The other question that patients want to know is, “Am I going to have a problem eating cheese?” The reason I say that is the tyramine. The amount of tyramine toxicity means they could eat cheese for 24 hours straight; I believe it’s 150 g before you get an effect from it. I tell them that unless there’s some sort of mouse that is eating cheese for 24 hours, I think we’re OK. That’s the biggest question I get asked, “Can I eat cheese and deli meat?” That must be written somewhere about the cheese and deli meat. I like to talk about that because it is important for patients.

Miguel Regueiro, MD: Sometimes beer and wine too, patients ask. And I agree, to put that to rest, the amount of tyramine you would need to have is nearly impossible. I guess nothing’s impossible in eating. To Dave’s point about SSRIs, SNRIs, and showing safety, it’s the same thing with tyramine, it’s essentially a nonissue. Ellen, I’m going to ask you the same question, how are you using ozanimod in your practice?

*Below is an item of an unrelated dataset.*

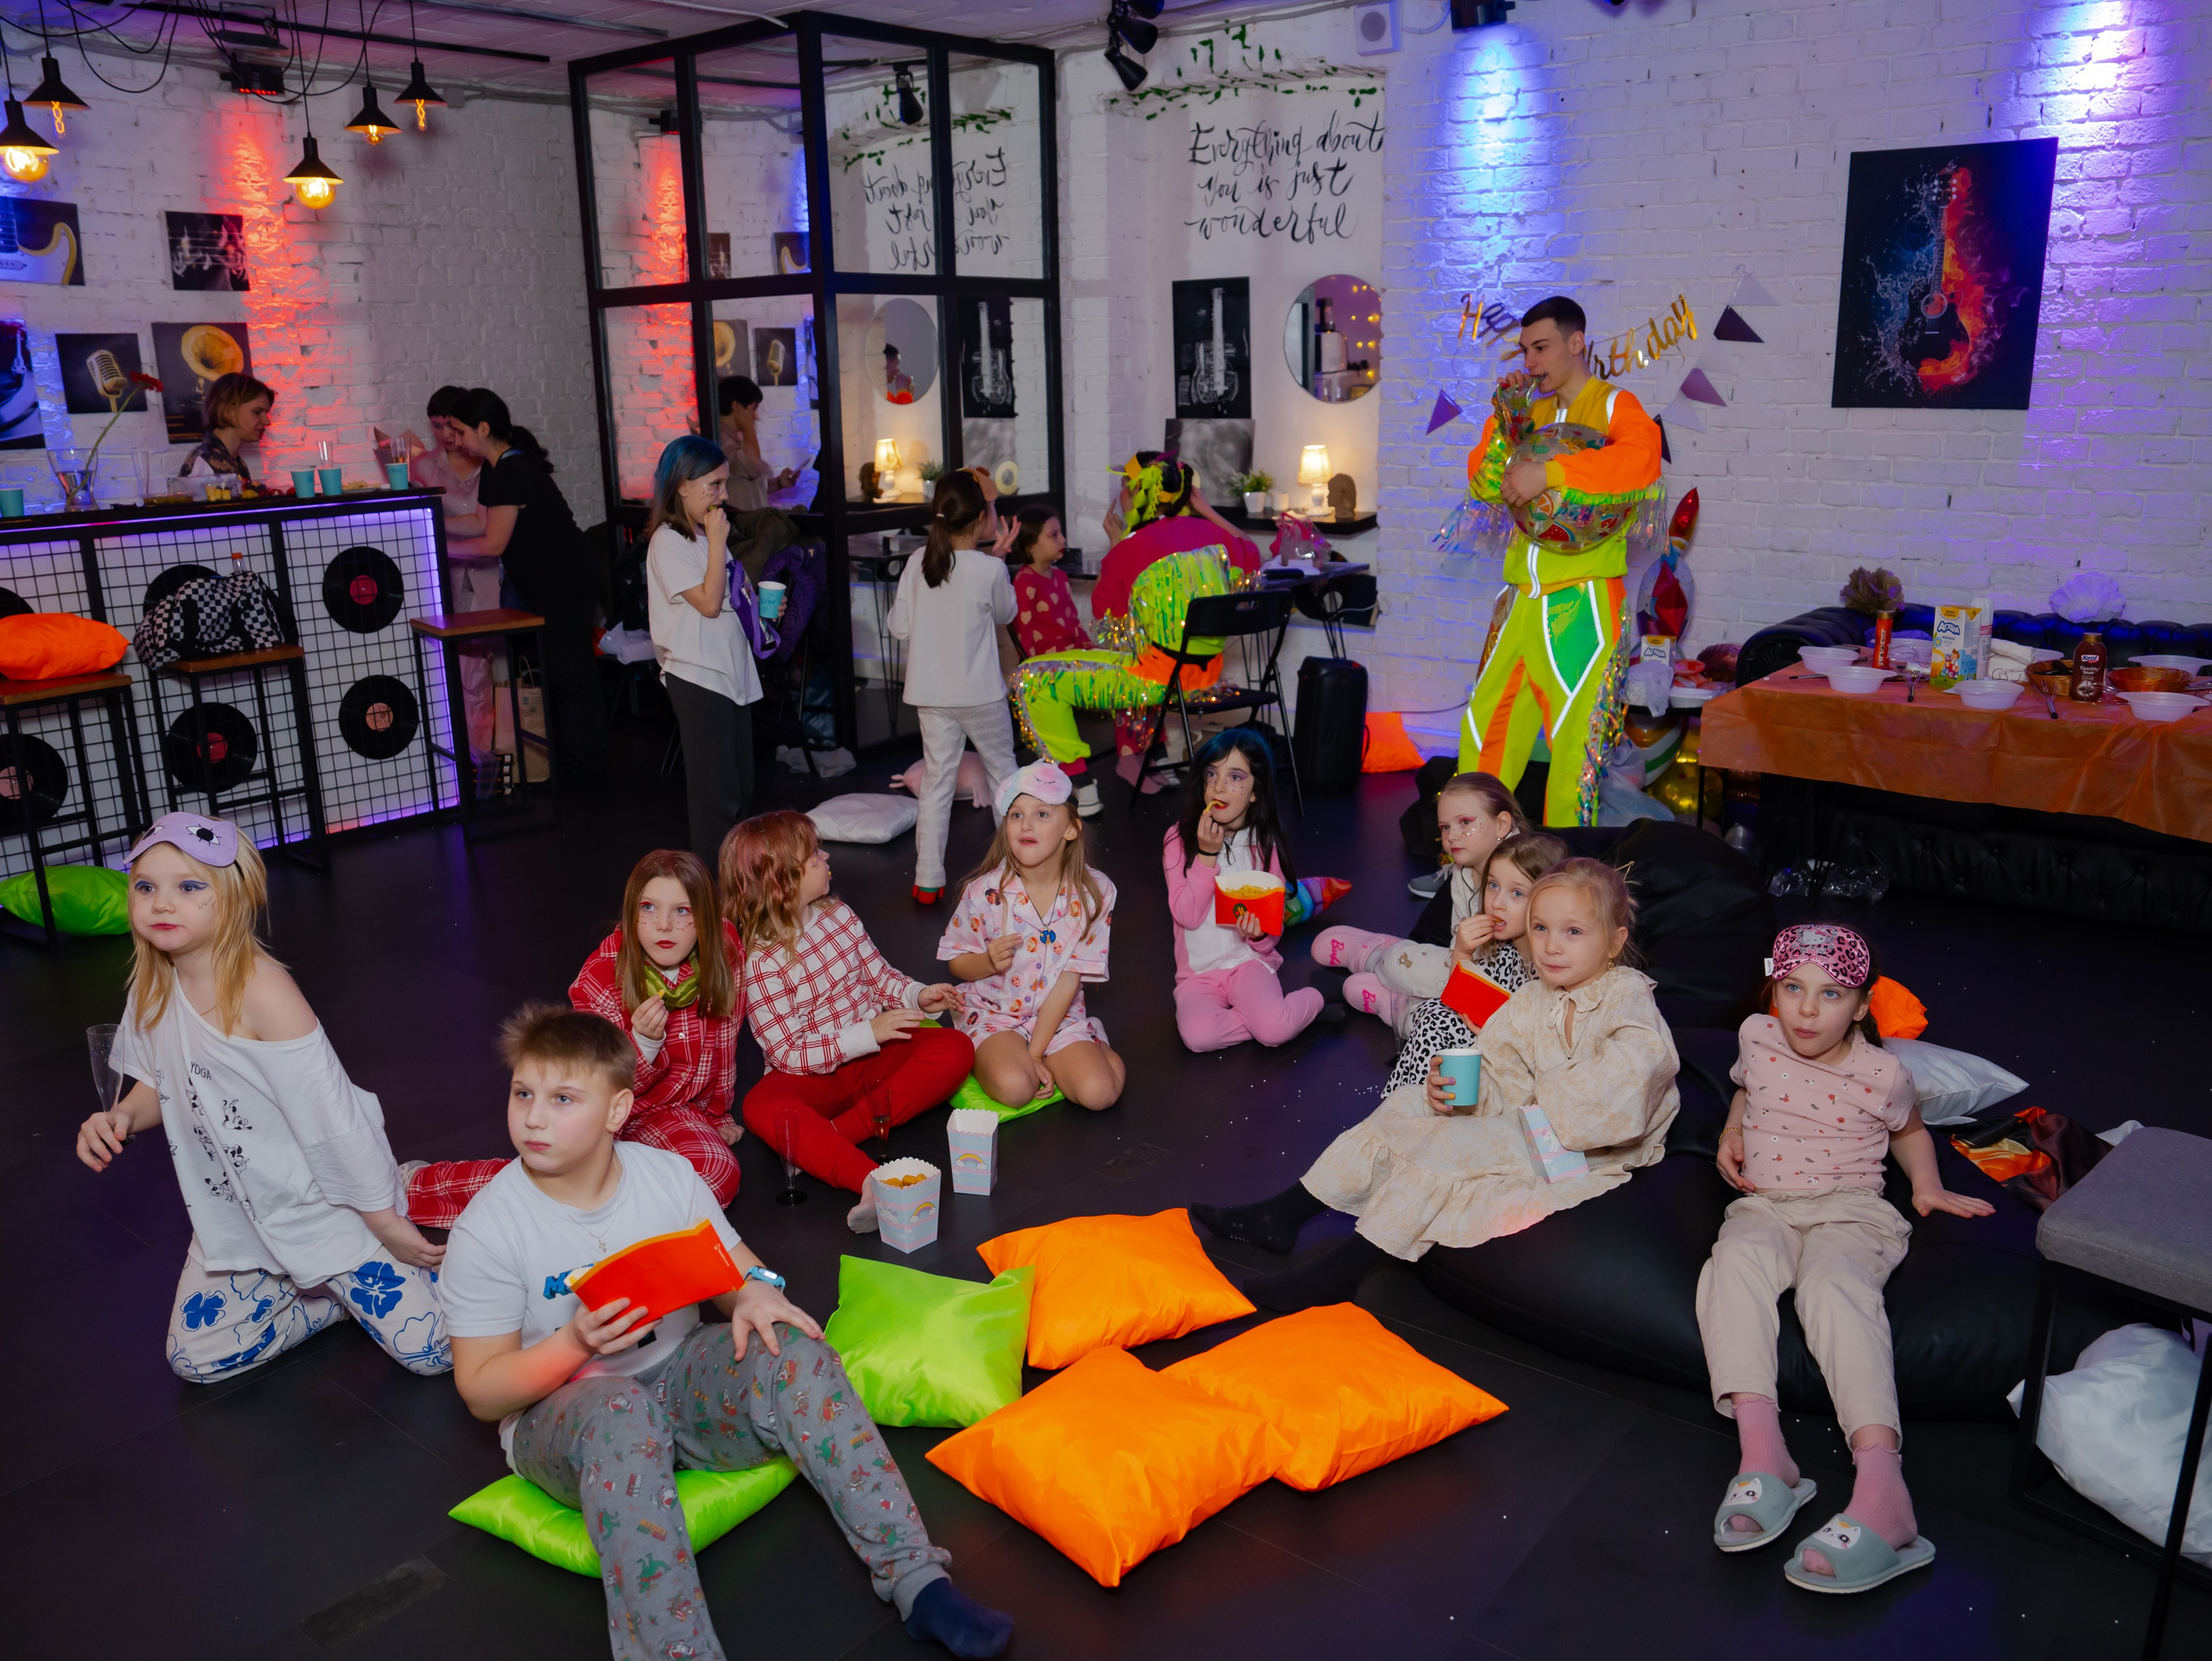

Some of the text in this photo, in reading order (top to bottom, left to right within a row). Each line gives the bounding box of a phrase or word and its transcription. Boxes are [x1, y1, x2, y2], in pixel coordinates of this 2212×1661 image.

Ellen J. Scherl, MD: First, I’m starting to use it more in the biologic-naive patient, but we did participate in the trial. We enrolled all the anti-TNF, multiple failures, with a tremendous response, so we use it in the refractory patients as well. The ophthalmologic exam, we get it as routine, having to do with the vasculature trapping of lymphocytes. But these are not problems. When we think about steroids, all of our patients should have ophthalmologic exams, and that’s exactly what I say. There’s no stigma to this. I’m using it in both of those patient populations. It’s relatively easy to get approved, and the results are quite good. Also, the washout period; to Marla’s point, in the real world, if you have a patient who’s on an anti-TNF, we go right onto ozanimod, no washout, whereas with a JAK inhibitor, maybe we want a bit of washout.

Miguel Regueiro, MD: What I’m hearing from all 3 of you is that you’re comfortable with the safety profile of ozanimod. It may be good to use early, prior to biologics, or off-label, just to make that clear to the audience, like Marla said, as an add-on to another biologic. And because of the lymphocyte trafficking, it works differently than most, except vedolizumab. I also want to say, I’m glad Ellen that you brought up the eye because we talked about the heart and the lymphocytes. But the ophthalmologic exam, and I think you alluded to this, is only necessary for those patients who have concerns of macular edema. If they have a diagnosis of macular edema, end-stage diabetes, or uveitis, but that’s a small percentage. Ellen and I agree, if they have 1 of those 3 conditions, they’re probably getting yearly exams by an ophthalmologist already. If our patients ask about the eyes, I’d say over 98% of my patients don’t need the screening exam; it’s really that rare group.